Photoluminescence spectroscopy, often referred to as PL, is when light energy, or photons, stimulate the emission of a photon from any matter. It is a non-contact, nondestructive method of probing materials. In essence, light is directed onto a sample, where it is absorbed and where a process called photo-excitation can occur. The photo-excitation causes the material to jump to a higher electronic state, and will then release energy, (photons) as it relaxes and returns to back to a lower energy level. The emission of light or luminescence through this process is photoluminescence, PL.

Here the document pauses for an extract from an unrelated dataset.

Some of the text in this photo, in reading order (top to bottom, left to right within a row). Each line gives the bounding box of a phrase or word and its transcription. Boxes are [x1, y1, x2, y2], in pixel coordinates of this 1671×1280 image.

Our PL optimized series of spectrophotometers are used in Fluorescence Spectrometers, Raman Spectrometers and our Custom Optical Solution Systems. These products are also making a major contribution to the development of nanomaterials, semiconductors, photovoltaics / solar cells.

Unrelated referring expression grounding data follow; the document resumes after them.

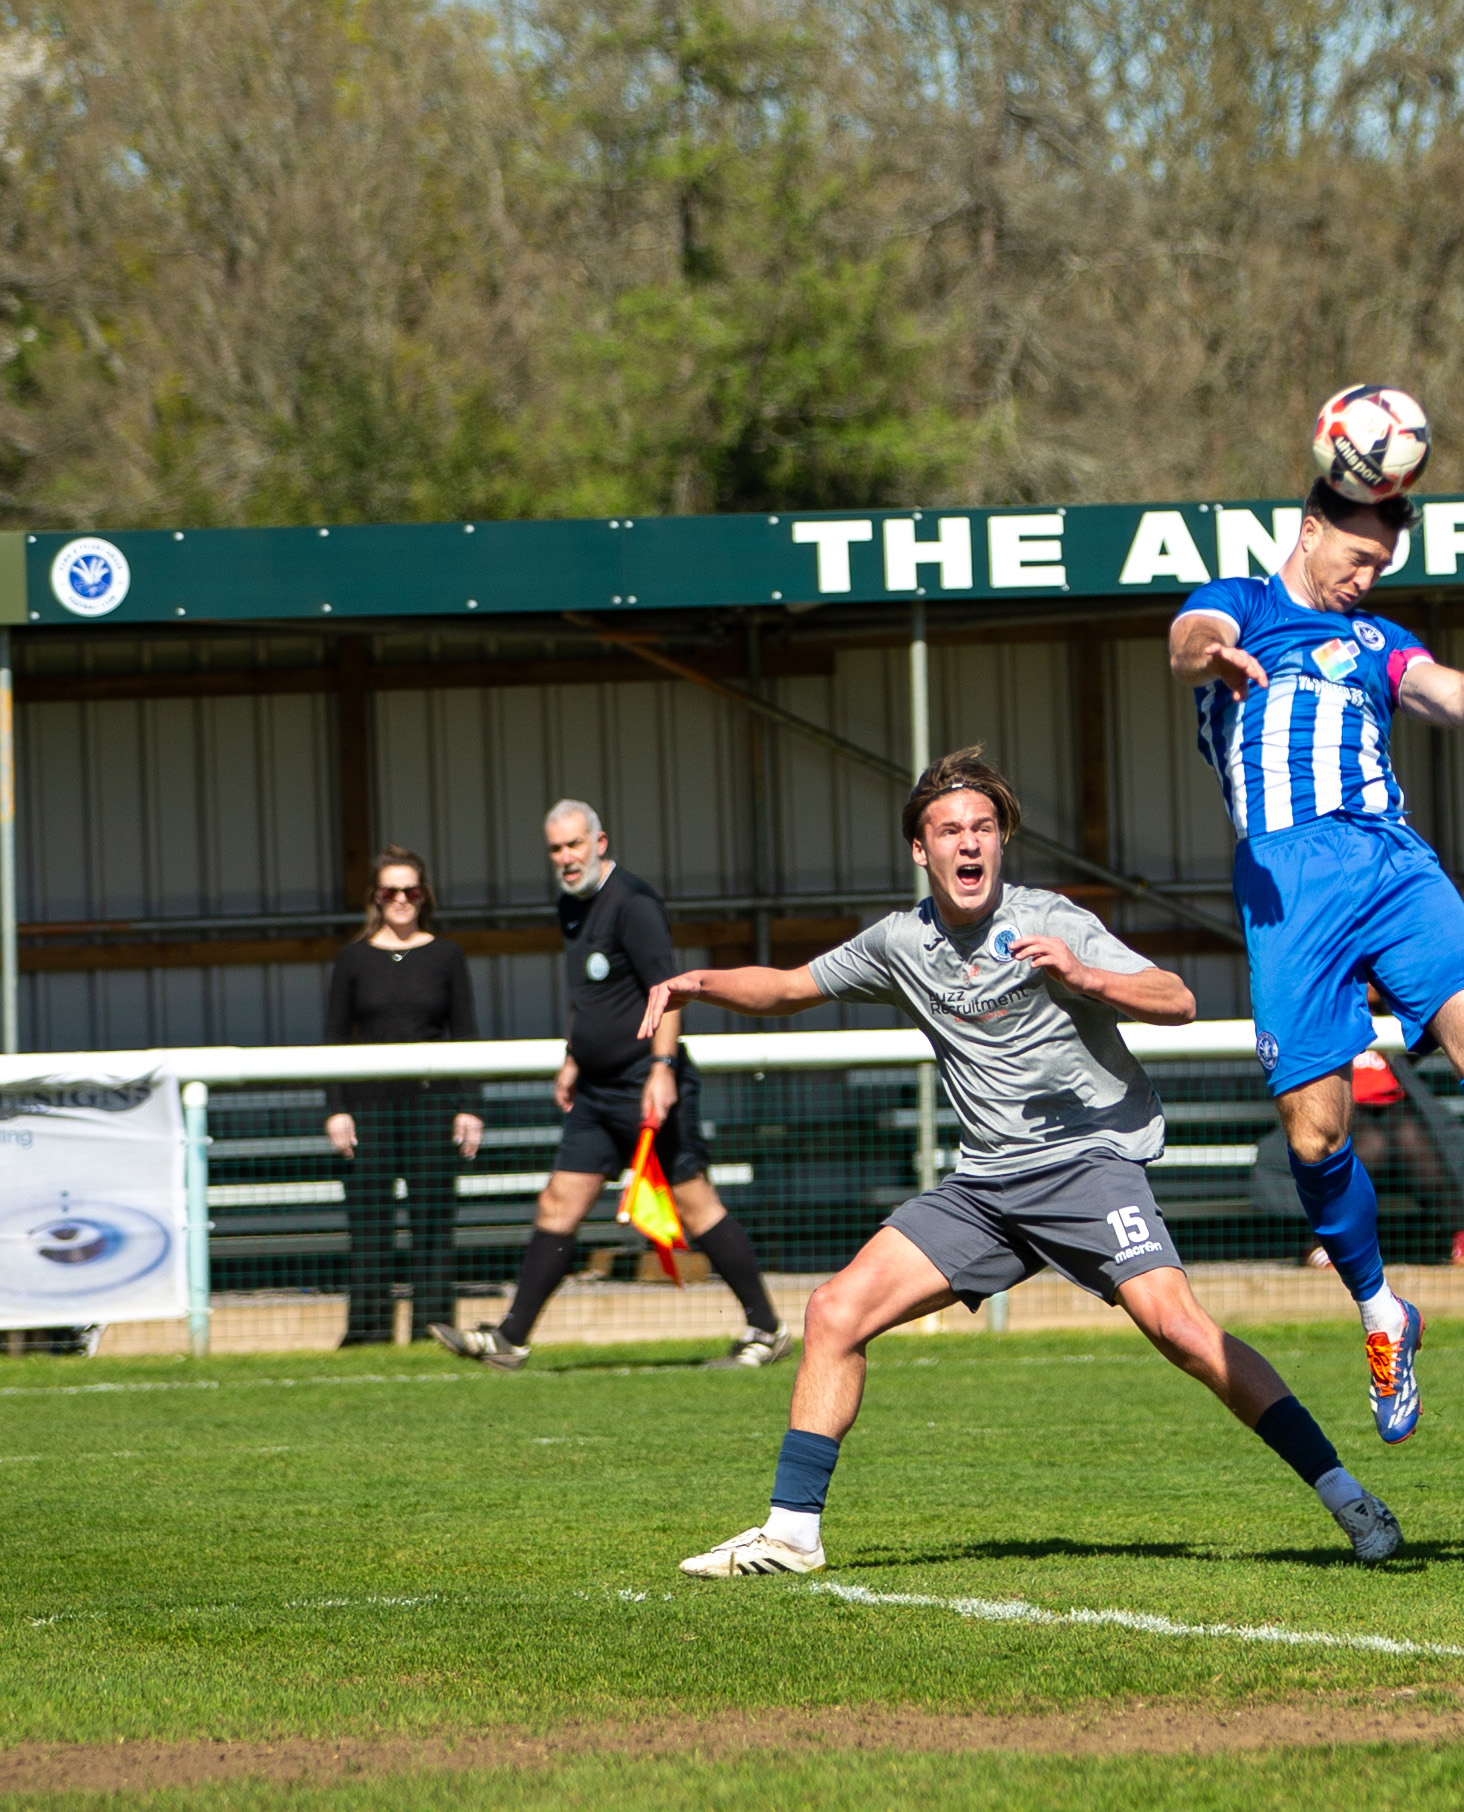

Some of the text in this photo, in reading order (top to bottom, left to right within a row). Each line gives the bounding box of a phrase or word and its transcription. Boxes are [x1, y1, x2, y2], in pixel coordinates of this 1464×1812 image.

[1335, 436, 1383, 486] uhlsport
[792, 514, 1066, 593] THE
[0, 1128, 34, 1150] ing
[1106, 1205, 1150, 1249] 15
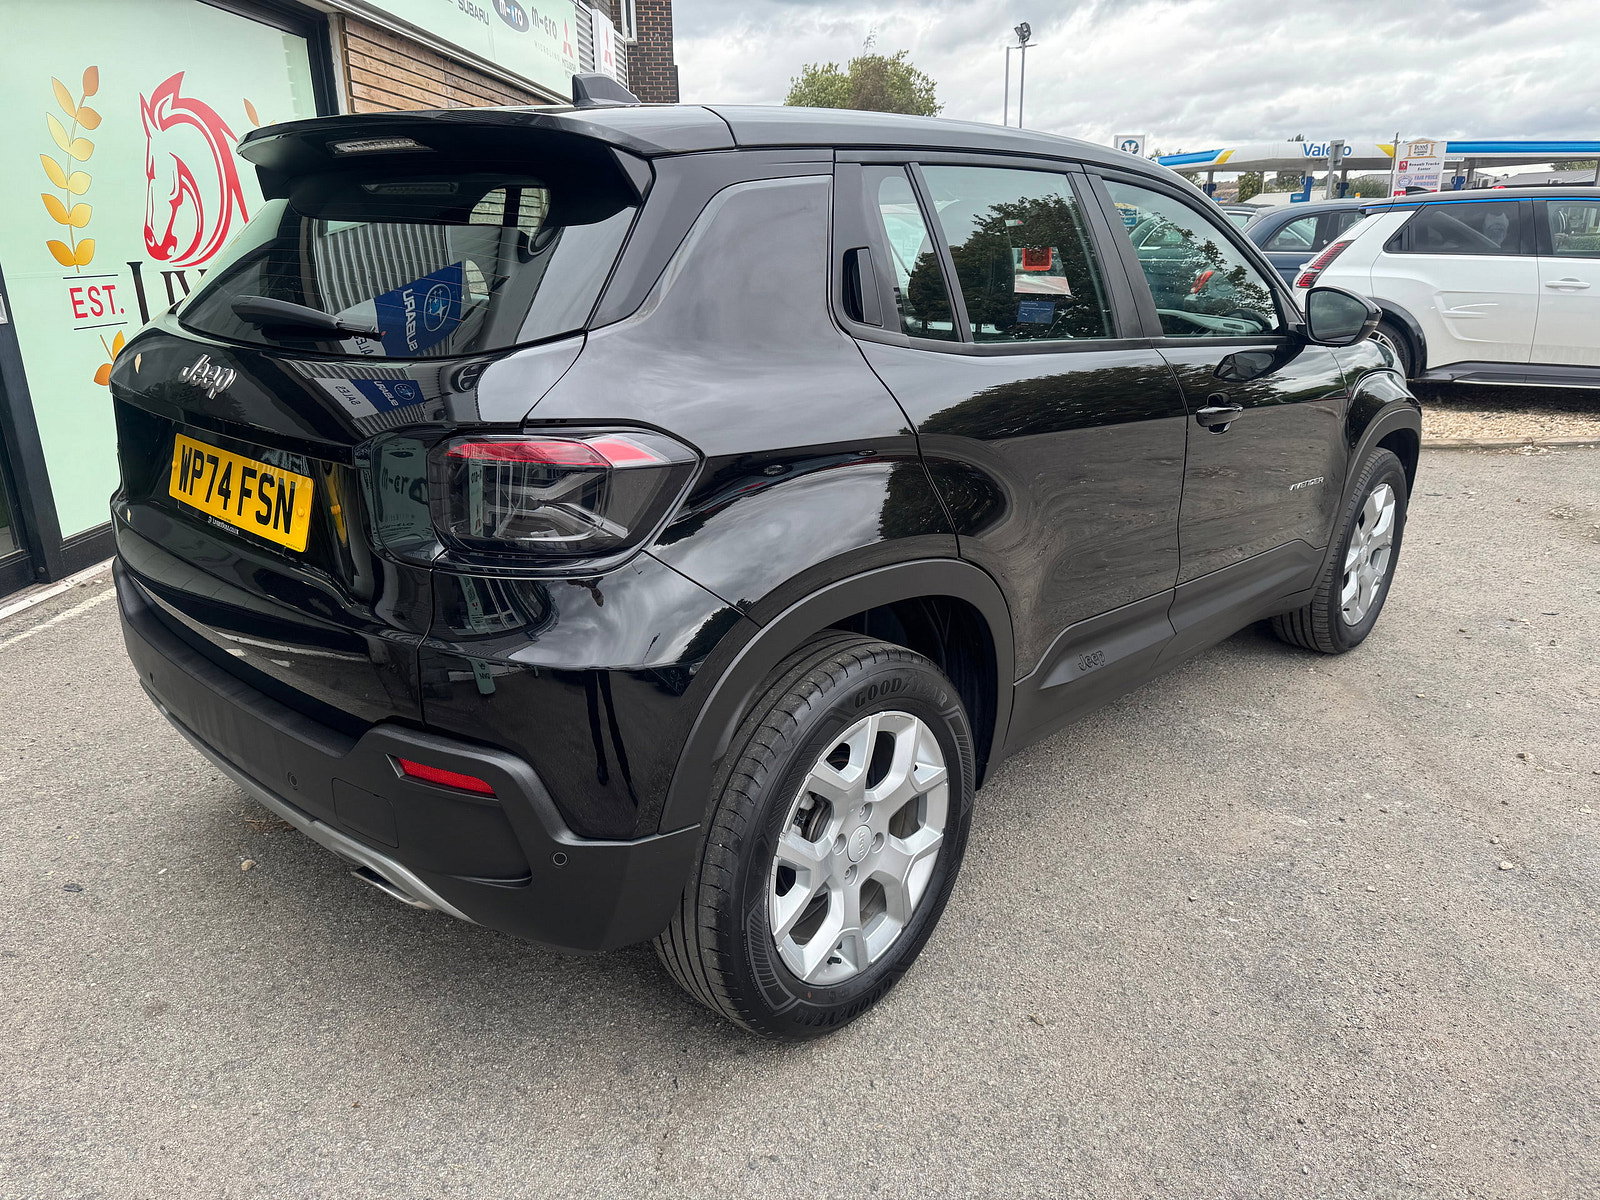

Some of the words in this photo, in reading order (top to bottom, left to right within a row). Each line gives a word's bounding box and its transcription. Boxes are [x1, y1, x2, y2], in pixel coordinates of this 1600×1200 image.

[458, 0, 490, 26] SUBARU
[1303, 143, 1352, 157] Valeo
[69, 285, 125, 319] EST.
[178, 353, 238, 400] Jeep
[178, 444, 233, 511] WP74
[237, 465, 297, 535] FSN
[1077, 650, 1106, 672] Jeep

By combining Raman analysis with PL detection, it is possible to characterize both the vibrational and electronic properties of materials on a single bench top platform. Combined Raman-PL systems allow confocal mapping capabilities with sub-micron spatial resolution. A wide range of excitation wavelengths is possible, from the UV to NIR, allowing control of the penetration depth into the material, and thus, control of the volume sampled.
Photoluminescence used in Fluorescence spectroscopy can provide two results: Fluorescence and Phosphorescence. The Photoluminescence quantum yield or PLQY of a molecule or material is defined as the number of photons emitted, as a fraction of the number of photons absorbed is one of the common techniques for Fluorescence Spectroscopy.

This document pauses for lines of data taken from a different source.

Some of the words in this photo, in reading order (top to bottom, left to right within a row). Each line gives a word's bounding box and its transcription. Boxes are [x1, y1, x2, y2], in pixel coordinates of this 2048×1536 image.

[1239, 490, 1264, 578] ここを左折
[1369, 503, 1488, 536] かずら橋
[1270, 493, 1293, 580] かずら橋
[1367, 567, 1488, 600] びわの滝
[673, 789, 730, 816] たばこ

Photoluminescence is when light energy, or photons, stimulate the emission of a photon. It takes on three forms: fluorescence, phosphorescence and chemiluminescence. Fluorescence is a type of luminescence caused by photons exciting a molecule, raising it to an electronic excited state. The excited state undergoes rapid thermal energy loss to the environment through vibrations, and then a photon is emitted from the lowest-lying singlet excited state. This process of photon emission competes for other non-radiative processes including energy transfer and heat loss.
Time resolved photoluminescence (TRPL) can be performed with spectrometers and microscopes. Using Time Correlated Single Photon Counting (TCSPC) the instruments with Picosecond lasers for excitation sources has been used in the solar cell industry to monitor carrier lifetime and cell performance.